Yet, this is already information. Hence if take the equivalence between
the informational and thermodynamic entropies literally, then even in
this case the thermodynamic entropy (that should be possible to measure
by experimental thermodynamics) must exist. What it is in this case?

> To a physicist, it is the physical form that is important - the fact
> that it is made of paper, with a bit of glue to hold it together.
> The arrangement of ink on the pages is probably quite unimportant - a
> book of the same size and shape, but with blank pages would do just
> as well. Even if the arrangement of ink is important, then does
> typesetting the book in a different font lead to the same book or a
> different book?

It is a good question and in my view it again shows that thermodynamic
entropy and information are some different things, as for the same
object we can define the information differently (see also below).

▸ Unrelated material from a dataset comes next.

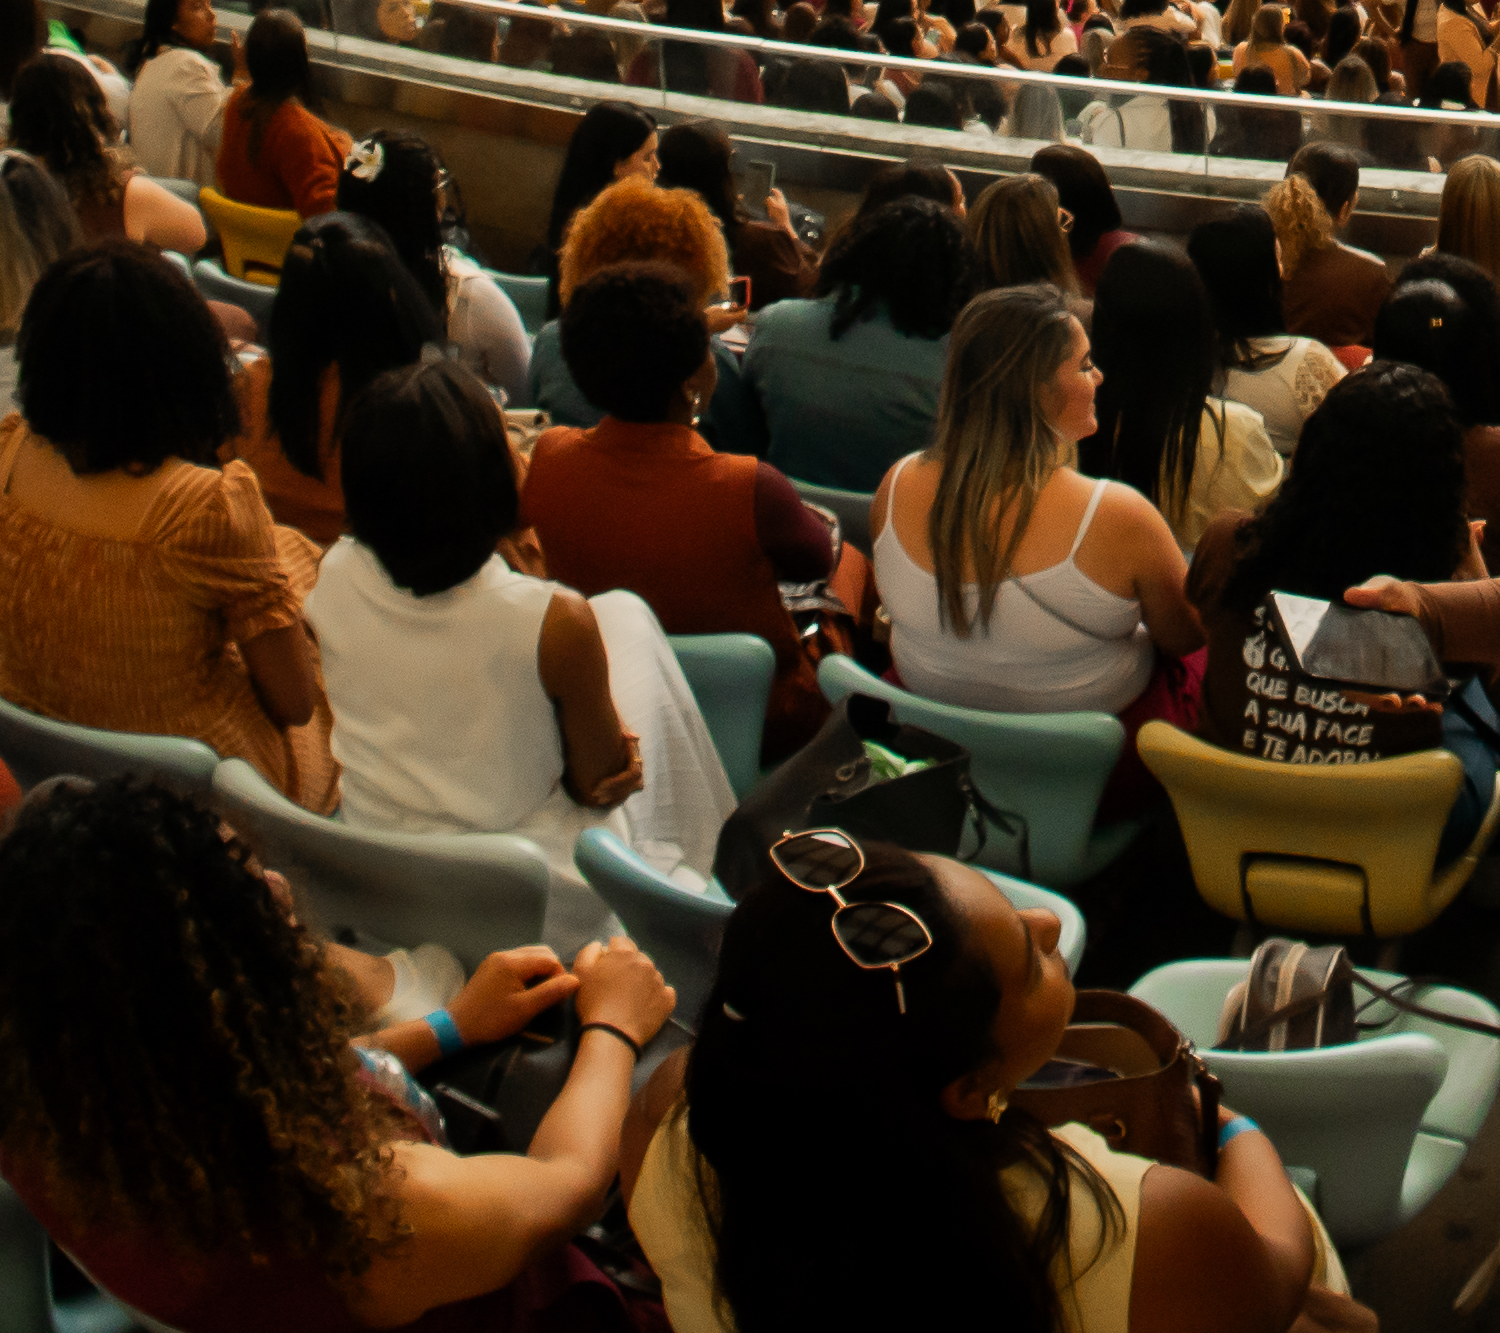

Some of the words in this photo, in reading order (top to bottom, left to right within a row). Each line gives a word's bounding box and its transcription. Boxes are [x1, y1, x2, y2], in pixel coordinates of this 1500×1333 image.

> To compute the thermodynamic information, one could imagine
> performing a massive molecular dynamics simulation, and then count
> the number of states that correspond to the physical book, take the
> logarithm, then subtract that from the logarithm of the total
> possible number of states the molecules could take on (if completely
> disassociated).

Do not forget that molecular dynamics simulation is based on the Newton
laws (even quantum mechanics molecular dynamics). Hence you probably
mean here the Monte-Carlo method. Yet, it is much simpler to employ
experimental thermodynamics (see below).

> This is, of course, completely impractical. Computing the complexity
> of something is generally NP-hard. But in principle doable.
>
> Now, how does this relate to the thermodynamic entropy of the book?
> It turns out that the information computed by the in-principle
> process above is equal to the difference between the maximum entropy
> of the molecules making up the book (if completely disassociated) and
> the thermodynamic entropy, which could be measured in a calorimeter.
>
>
>> If yes, can one determine the information in the book just by means
>> of experimental thermodynamics?
>>
>
> One can certainly determine the information of the physical book
> (defined however you might like) - but that is not the same as the
> information of the abstract book.

Let me suggest a very simple case to understand better what you are
saying. Let us consider a string "10" for simplicity. Let us consider
the next cases. I will cite first the thermodynamic properties of Ag and
Al from CODATA tables (we will need them)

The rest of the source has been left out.